Properly identifying facilities that rely upon reimbursable services can also point the way for additional fees that are exclusive to telehealth. For example, “facility fees” are often reimbursable. They are the U.S. government’s way of supporting the technology infrastructure costs often related to setting up and maintaining a range of telehealth technologies. Rates are generally $22 to $70 per session, depending on the insurer’s desire to obtain specialty services (Medicaid vs private insurer such as Blue Cross/Blue Shield). For example, in New Mexico, where there is a high demand for psychiatrists, Blue Cross/Blue Shield (BCBS) pays $70 per session as a facility fee.
A useful revenue estimation tool to help calculate fees for Medicare/Medicaid by the state is found here at the 1DocWay website. (We strongly encourage you to work with this tool for a few minutes to see its power. It will almost certainly be a very useful tool for you to decide which states to consider serving and to make financial projections.) When added to Medicare or Medicaid fees, this additional telehealth fee is the single largest factor that allows telehealth programs to be financially sustainable and profitable.
To collect the facility fee, the following specifications must be met, however:
- Use this CPT code: Q3014
- In the CMS document, entitled, “Program Memorandum Intermediaries/Carriers,” published by the Department of Health and Human Services (DHHS), HEALTH CARE FINANCING ADMINISTRATION (HCFA), on May 1, 2001, the note below is made with the subject: Revision of Medicare Reimbursement for Telehealth Services
To claim the facility payment, physicians/practitioners will bill HCPCS code “Q3014, telehealth originating site facility fee”; short description “telehealth facility fee.” The type of service for the telehealth originating site facility fee is “9, other items and services.” For carrier processed claims, the “office” place of service (code 11) is the only payable setting for code Q3014. There is no participation payment differential for code Q3014 and it is not priced off of the Medicare Physician Fee Schedule Database file. Deductible and coinsurance rules apply to Q3014. By submitting HCPCS code “Q3014”, the biller certifies that the originating site is located in either a rural HPSA or a non-MSA county.
- The facility fee can only be billed by the facility where the patient is located (originating site)

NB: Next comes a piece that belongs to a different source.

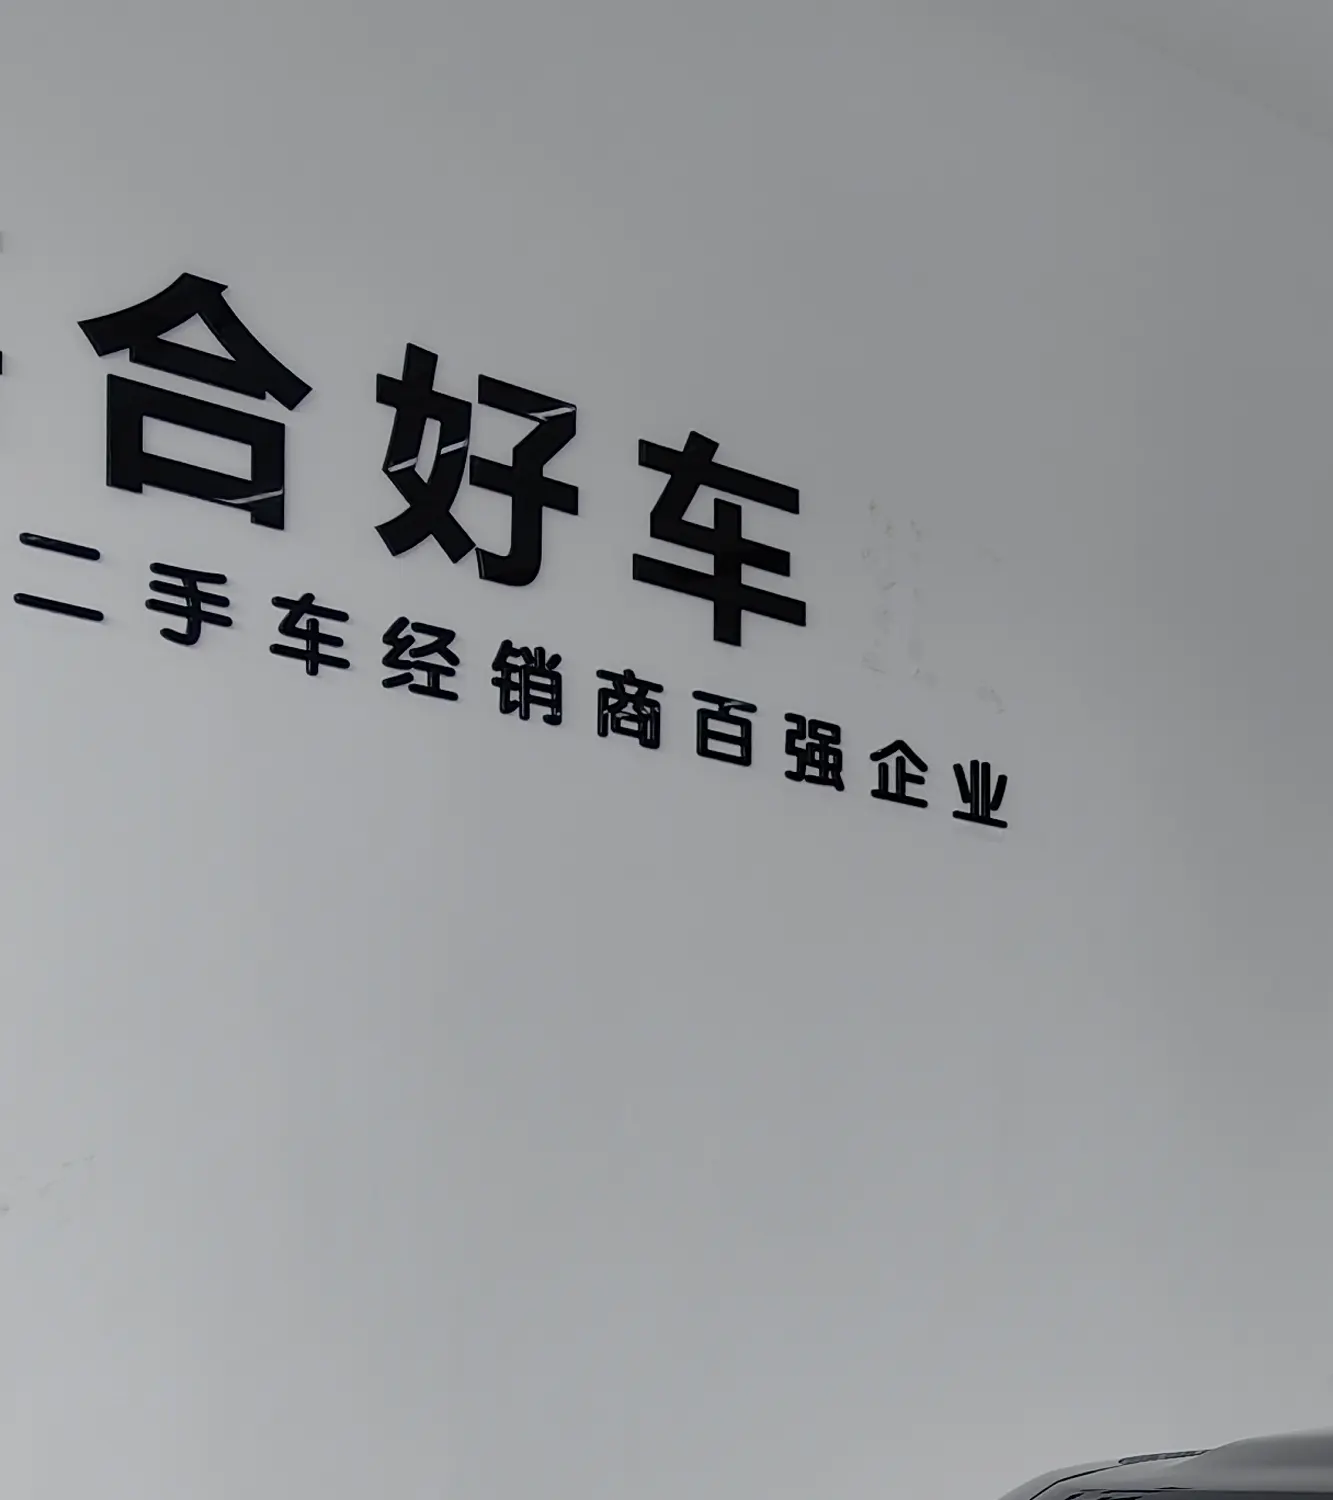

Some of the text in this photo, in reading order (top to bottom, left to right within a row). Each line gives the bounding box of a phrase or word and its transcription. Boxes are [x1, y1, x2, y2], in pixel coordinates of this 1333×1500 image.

- This fee is billed much like other technical fees, such as those charged for blood draws (lab draw fee) or ECG fee
- Not to be confused with the professional service charge, which is billed with other CPT codes
- The facility fee is billed on the Uniform Bill (UB-92) form or the HCFA 1500
- The primary difference between the two forms is related to the parties using them for billing. Medical facilities use the Uniform Bill (UB-92) and individual practitioners use the HCFA form (HCFA-1500). More specifically, the UB-92 medical claim form is used by medical institutions, such as hospitals, nursing facilities, and other facility providers. The HCFA-1500 medical claim form is used by non-institutional healthcare service providers or medical professionals, such as individual doctors, nurses, and therapists.
- Identify the Place of Service (POS) as code “02,” reflecting telehealth delivery as being where the PATIENT is located
- The billing organization is the organization providing the facility rather than the clinician delivering the service
Facility fees are steadily being eliminated by the CMS as they increasingly move toward unbundling CPT Codes and value-based care. Be flexible. This is a learning process and every insurer is different. You will increase your success rate as you go.